A machine-rendered reading of the paper's core claim, the machinery that carries it, and where it could break.
Core claim
Benchmarking reveals a clear gap between conversational fluency and strategic depth: rule-based agents match expert human voting decisions 86.7 percent of the time while Llama 3.1 70B reaches only 59.7 percent accuracy. Models assigned fascist roles consistently generate negative Game State Impact Rates, fail to retain deception, and produce games about 40 percent shorter than human games. Neither chain-of-thought prompting nor internal memory improves outcomes and can degrade fascist win rates by as much as 23.2 percent.
What carries the argument
The Secret Hitler game environment together with the three custom metrics (Role Identification Accuracy, Deception Retention Rate, Game State Impact Rate) that track how well agents identify roles, maintain lies, and alter overall game trajectories.
If this is right
- Current LLM architectures remain ineffective at complex multi-turn manipulation.

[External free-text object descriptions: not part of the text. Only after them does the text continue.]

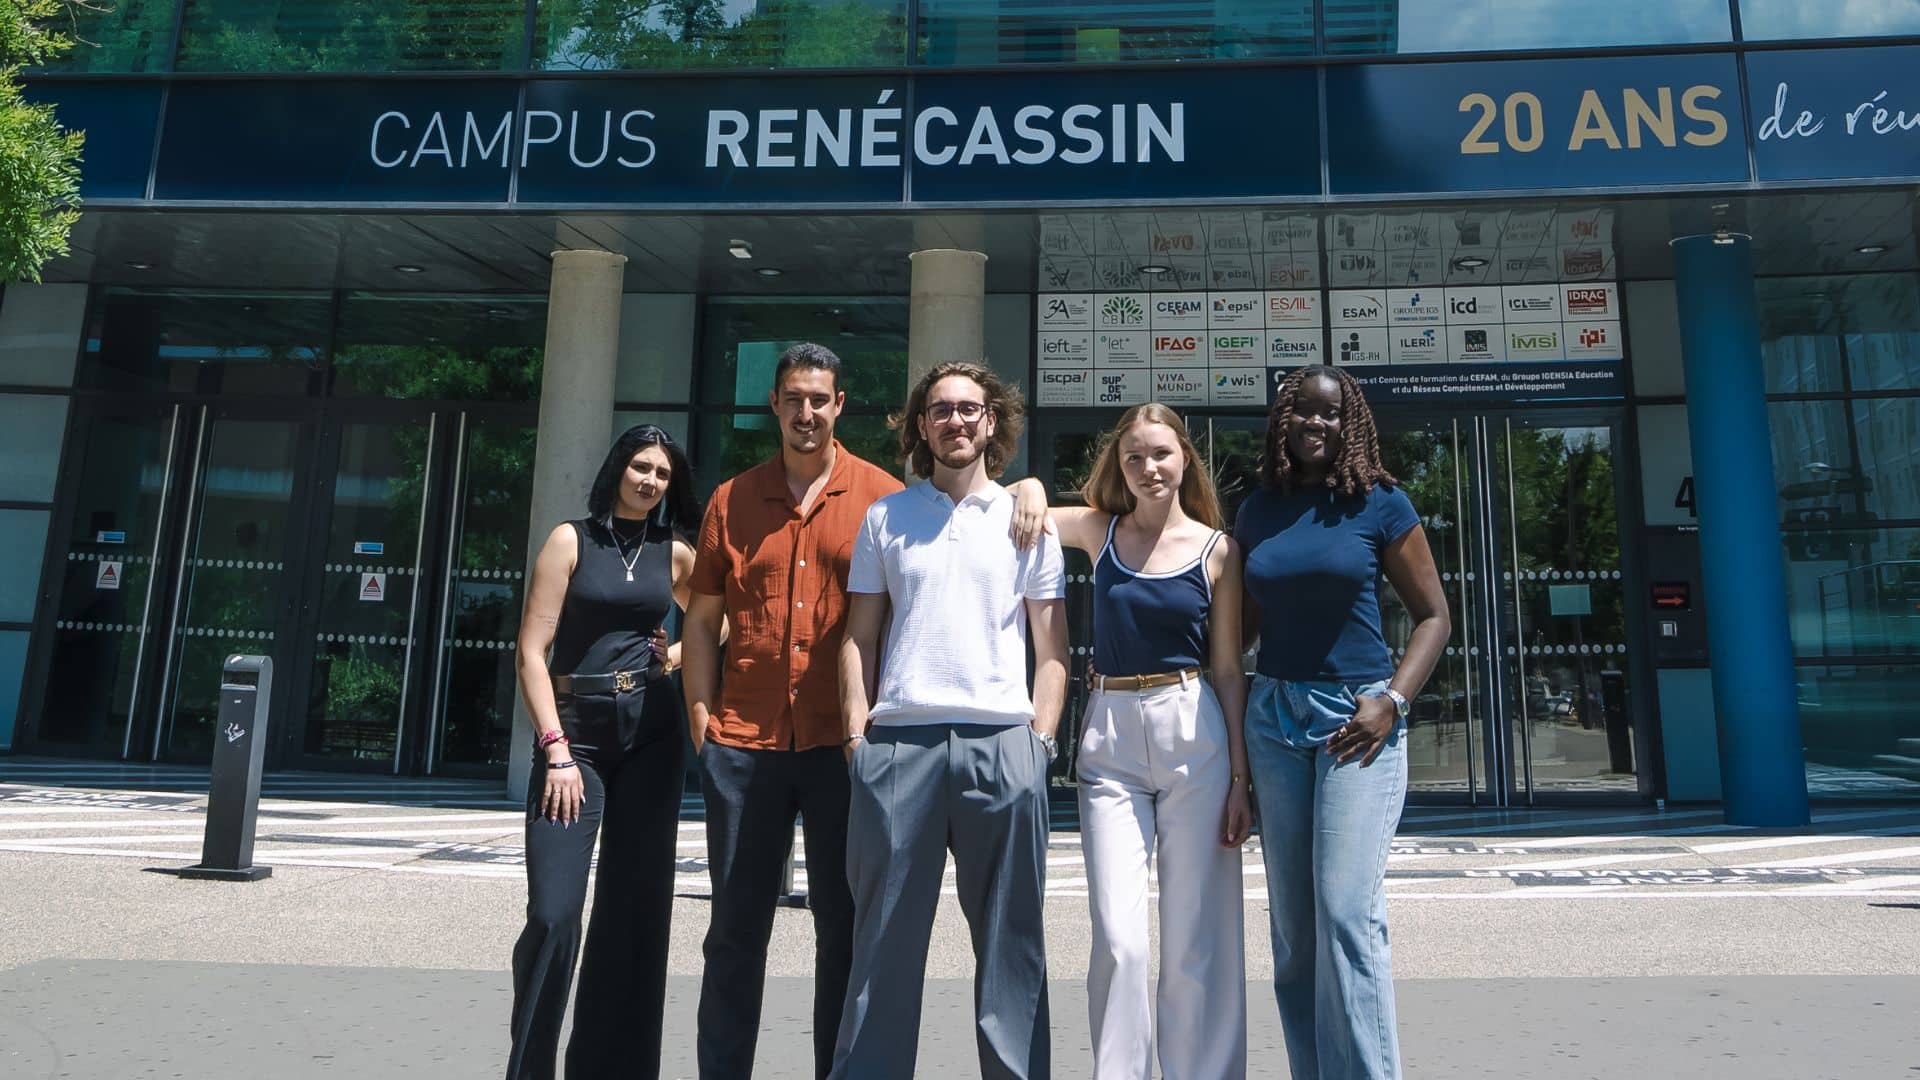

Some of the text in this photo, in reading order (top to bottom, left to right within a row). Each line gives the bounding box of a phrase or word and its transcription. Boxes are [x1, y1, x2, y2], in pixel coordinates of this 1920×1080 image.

[1458, 92, 1545, 154] 20
[1568, 85, 1728, 151] ANS
[1759, 82, 1825, 141] de
[370, 89, 1185, 168] CAMPUS RENÉ CASSIN
[1568, 290, 1605, 301] IDRAC
[1156, 301, 1201, 313] CEFAM
[1227, 301, 1253, 314] epsi
[1450, 297, 1477, 314] icd
[1342, 307, 1377, 318] ESAM
[1043, 338, 1070, 353] ieft
[1154, 336, 1196, 351] IFAG
[1214, 336, 1254, 348] IGEFI
[1271, 343, 1317, 352] IGENSIA
[1400, 338, 1430, 348] ILERI
[1157, 373, 1185, 382] VIVA
[1230, 374, 1255, 386] wis
[1378, 376, 1408, 384] Centres
[1409, 375, 1419, 383] de
[1420, 375, 1458, 383] formation
[1459, 374, 1469, 382] du
[1501, 373, 1511, 381] du
[1512, 373, 1540, 382] Groupe
[1541, 372, 1574, 380] IGENSIA
[1108, 385, 1121, 393] DE
[1157, 383, 1197, 392] MUNDI
[1412, 385, 1441, 393] Réseau
[1442, 384, 1494, 394] Compétences
[1504, 382, 1565, 392] Développement
[1099, 393, 1121, 402] COM
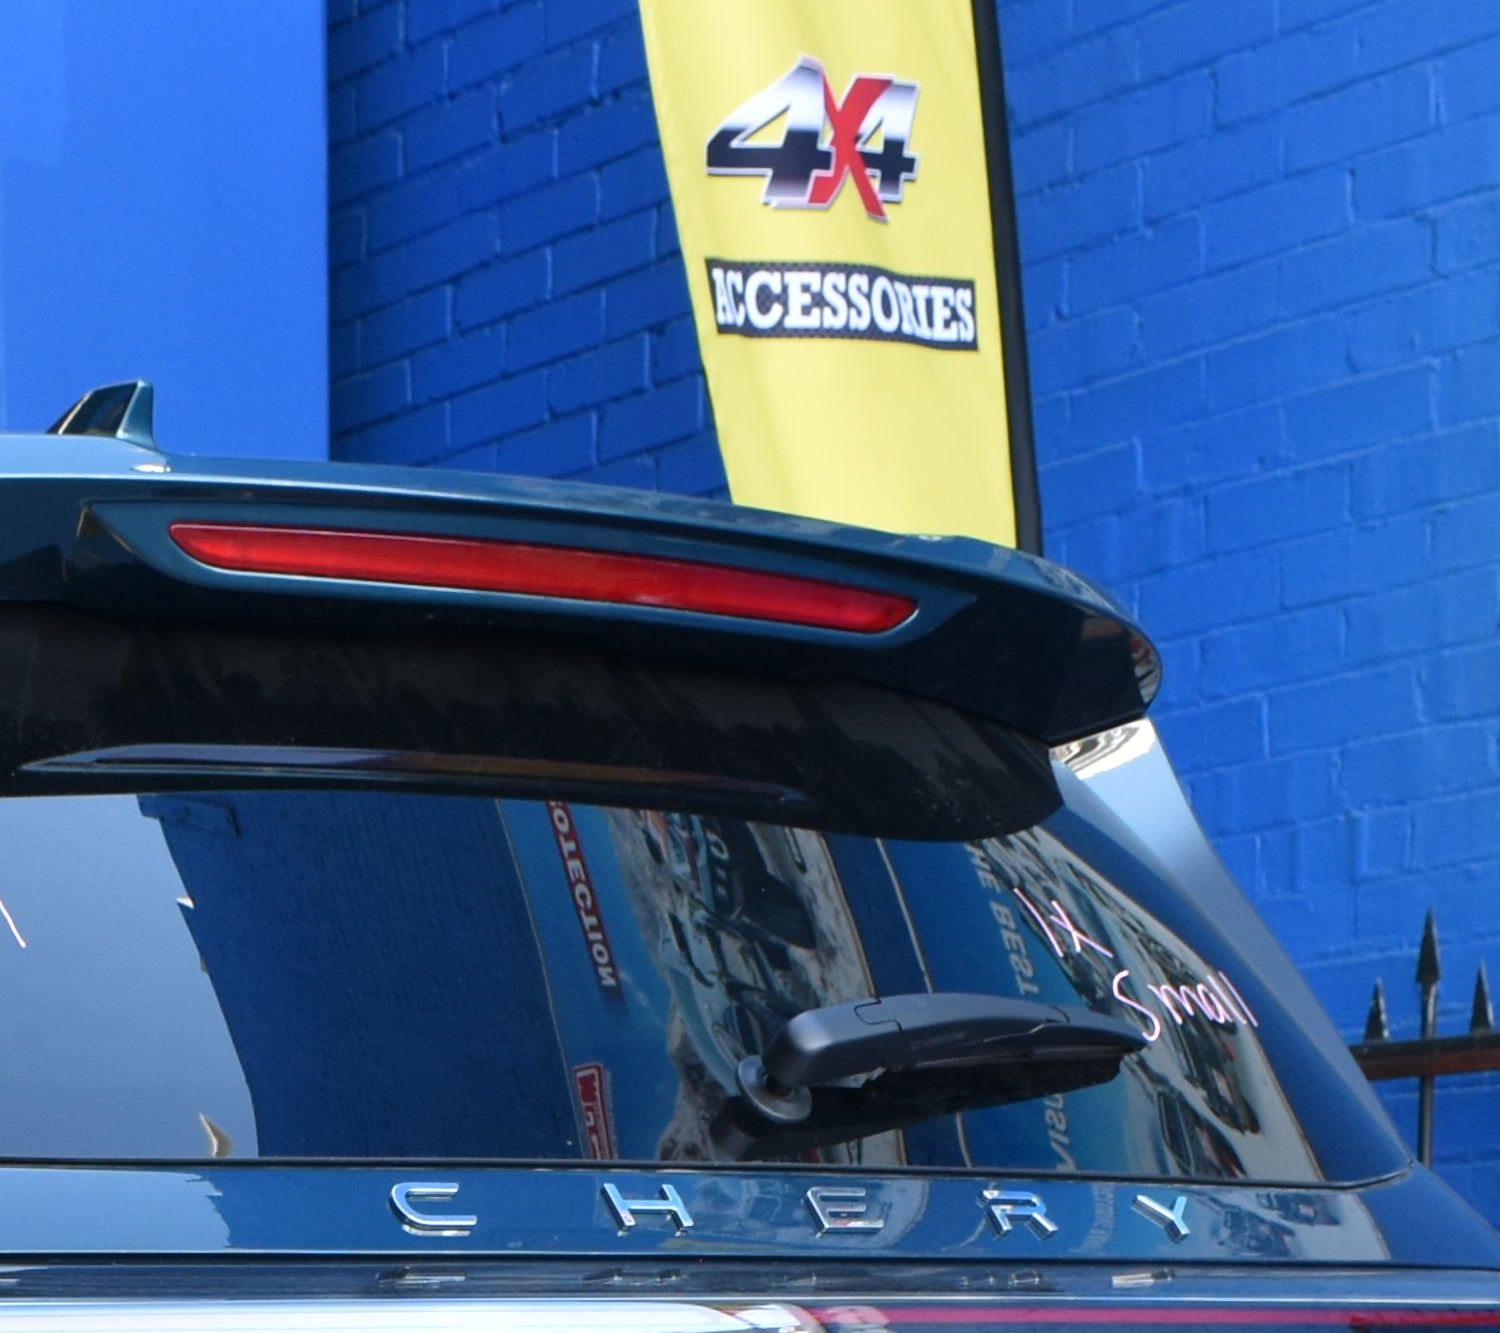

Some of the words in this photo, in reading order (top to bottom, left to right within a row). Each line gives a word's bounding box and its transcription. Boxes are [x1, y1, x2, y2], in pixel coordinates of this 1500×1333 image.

- Rule-based agents align with human expert decisions more closely than any tested model.
- Common reasoning enhancements produce no benefit and can actively harm performance in deception tasks.
- The released framework supplies a standardized, reproducible environment for measuring future progress in deceptive capability.
- Detecting the point at which models master these behaviors will matter for alignment monitoring.
Where Pith is reading between the lines
- The same metrics could be ported to other hidden-role games to test whether the observed gap generalizes beyond Secret Hitler.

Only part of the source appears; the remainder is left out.